I love cider and making cider, but it can be an unsatisfying effort for a beginner.

It is very easy to make as you see above. But the simple recipe of adding yeast to juice and wait a week or two... that will get you very dry, still cider at about 8-10% ABV. you can drink it like that or carbonate it in bottles. It takes time to age until it tastes better, and it won't be sweet.

It's a good experiment, and if you like super dry wine or champagne, you might like it. It's hard to make it good.

I think champagne yeast gives the best result as well.

A simple extract beer would be more satisfying right off the bat. Cost would be about the same as buying high end apple juice. A pound of extract and an ounce of hops (you'll only use part of the hops in a gallon!).
 
Cider is a great choice and it is super quick. As ericbw said above, beginner recipes for cider will probably turn out fairly dry. My wife and I happen to like them that way, but some prefer sweeter cider. Here's an easy recipe that will turn out a decent cider the first time:

If you have a Costco in your area you can get their Kirkland brand juice for about $4 a gallon. (Any brand will work.
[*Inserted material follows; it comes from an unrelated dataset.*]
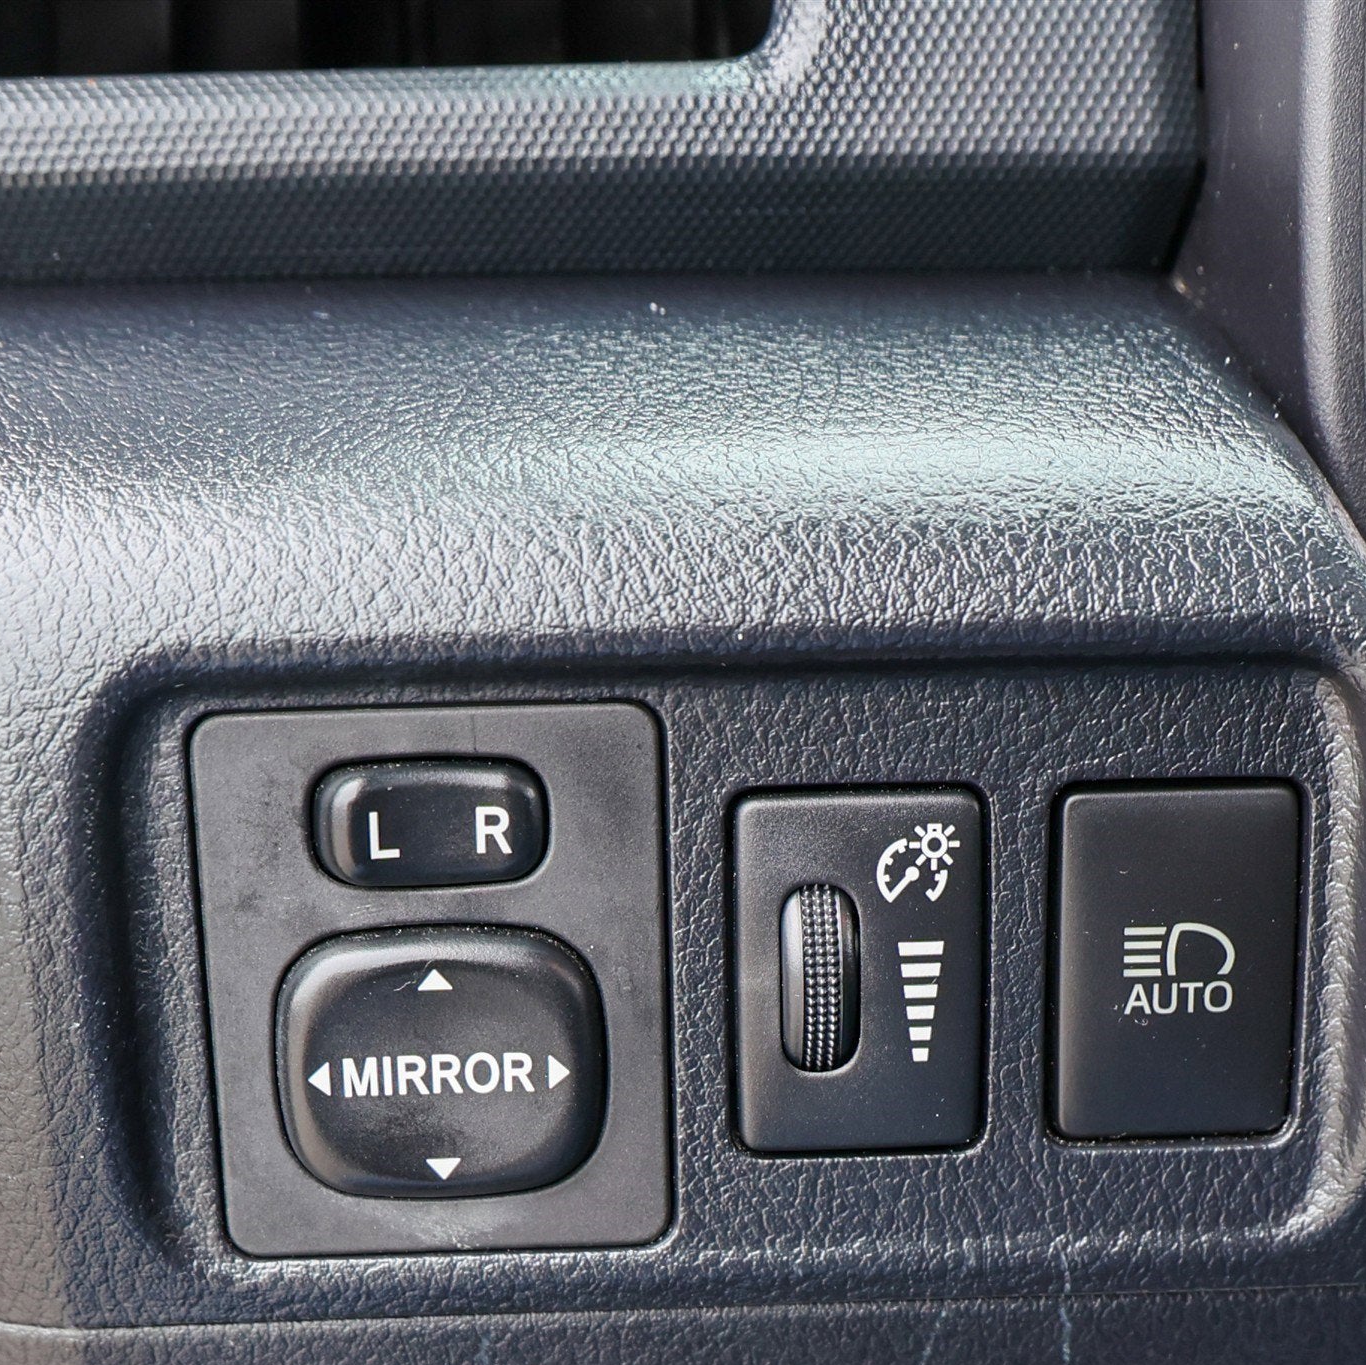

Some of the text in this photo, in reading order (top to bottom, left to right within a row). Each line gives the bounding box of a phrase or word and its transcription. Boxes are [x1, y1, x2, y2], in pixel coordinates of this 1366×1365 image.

Pasteurized is fine but with no additives.)
You will also need a fermenting vessel that holds at least 20% more than your batch size (i.e. a 5 gal. batch uses a 6 gal. fermenter bucket.) Make sure the lid will seal and it is fitted with an airlock (see the local brew shop or mailorder for this item).
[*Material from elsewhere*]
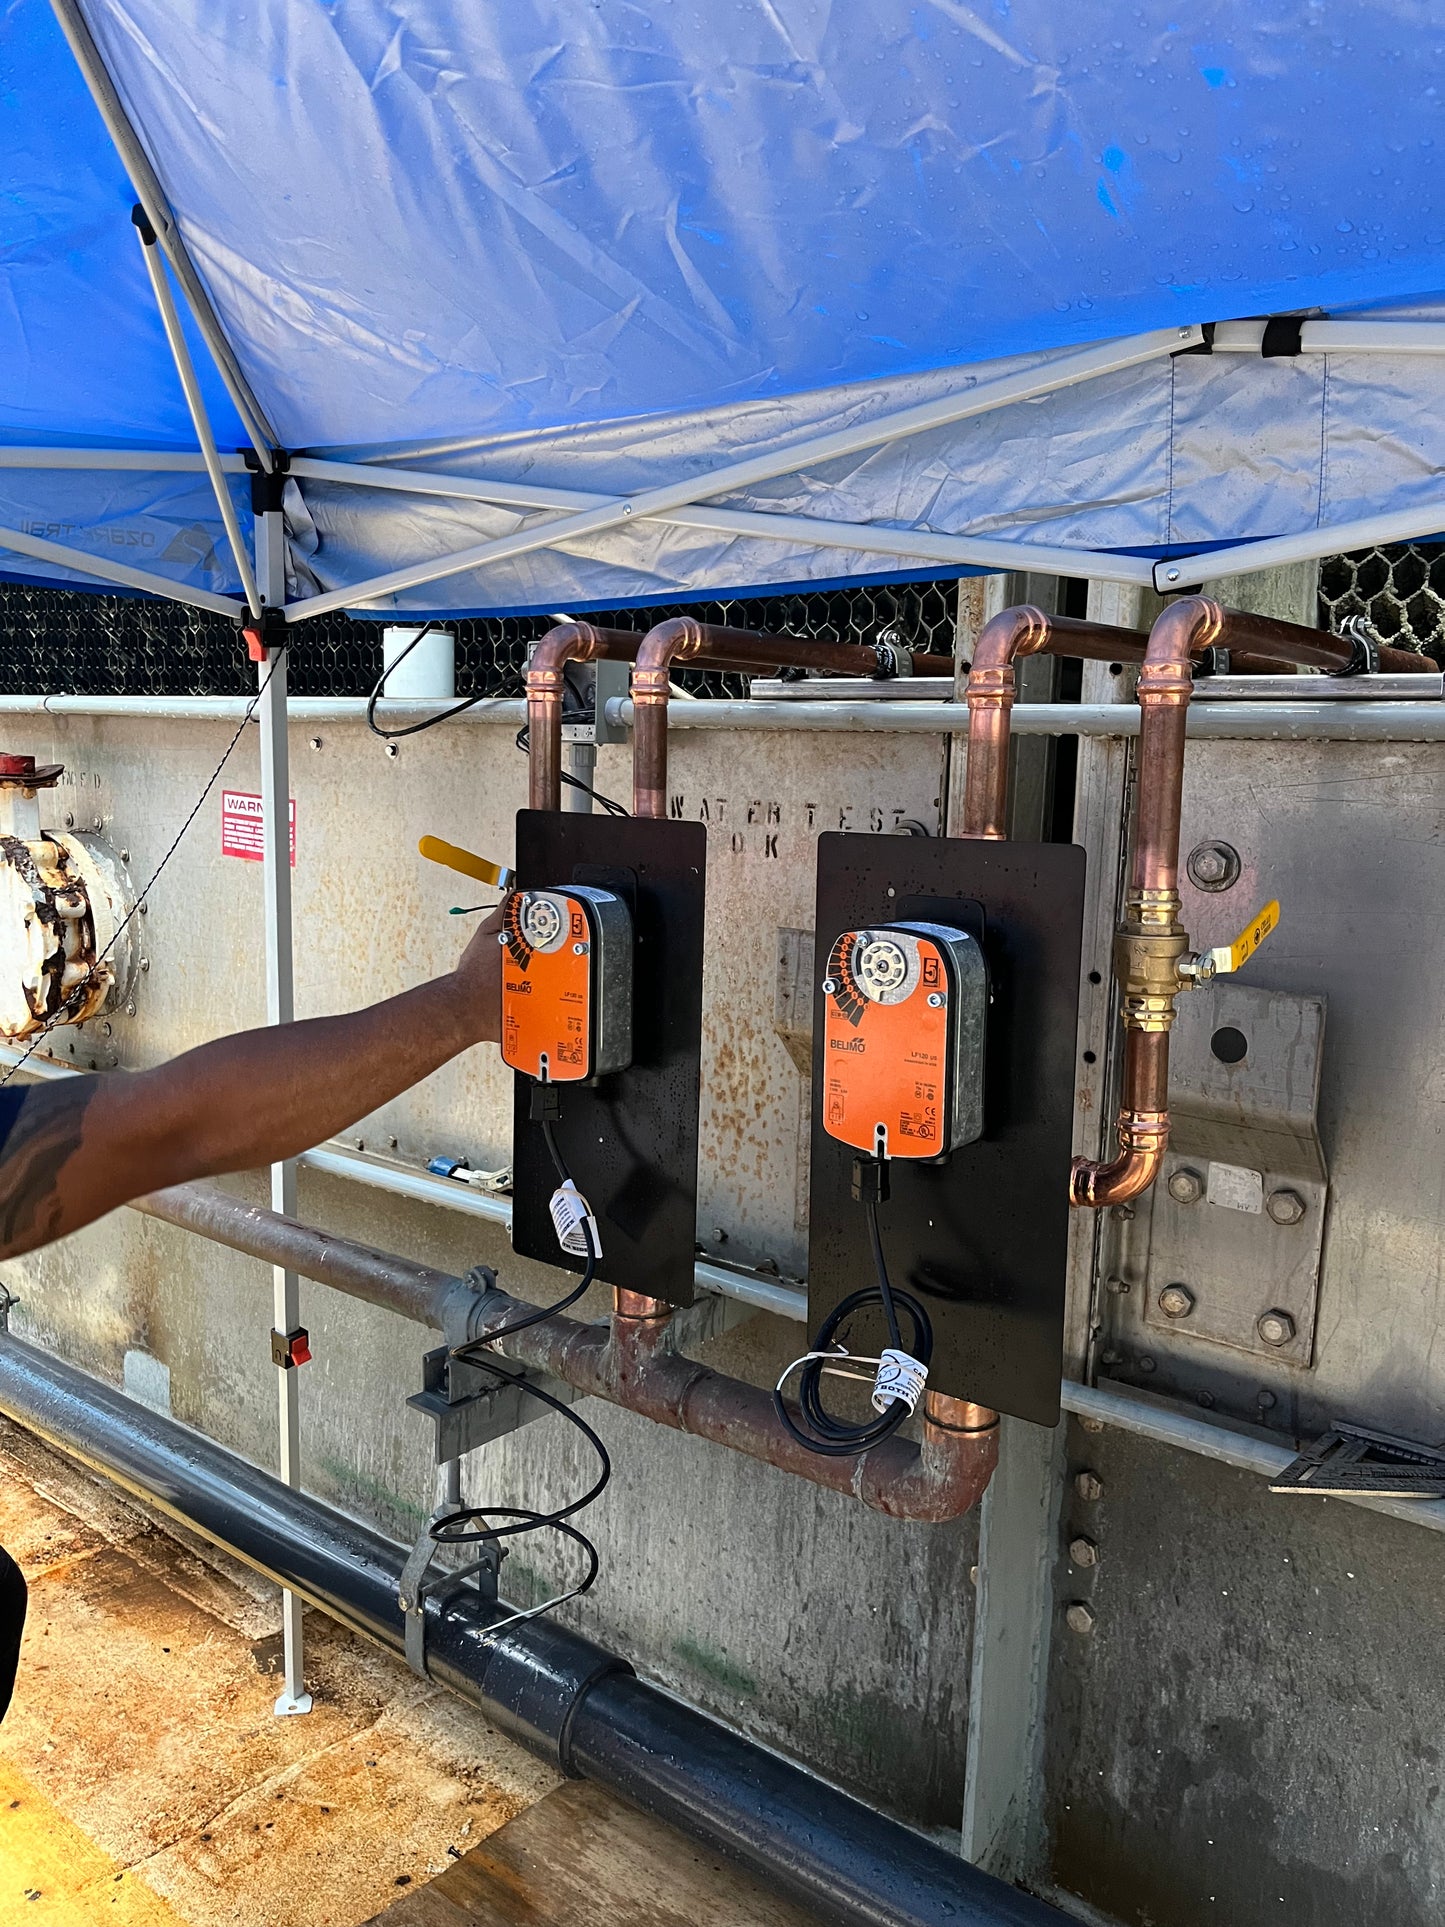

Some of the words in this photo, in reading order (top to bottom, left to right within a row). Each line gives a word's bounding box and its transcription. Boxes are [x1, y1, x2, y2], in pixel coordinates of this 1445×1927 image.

[227, 798, 264, 813] WARN
[506, 982, 532, 994] BELIMO
[830, 1039, 866, 1053] BELIMO
[881, 1385, 909, 1397] BOTH
1. Add a tablespoon or two of brown sugar and a cinnamon stick per gallon. (Soak the cinnamon sticks in vodka for a few minutes first to sanitize them).
2. Pitch 1/5 packet of Nottingham ale yeast per gallon.
3. Let it set for about 10 days at room temperature or a little cooler. (62-66F is probably ideal)

Voila! You have cider!

You can siphon the cider off into smaller vessels for serving. If you do this carefully you'll leave the cake of spent yeast cells in the bottom of the fermenter and out of your bottles. There's no need to invest in a capper if you are making still cider. Just store it in bottles that were sanitized first, twist on the cap and refrigerate.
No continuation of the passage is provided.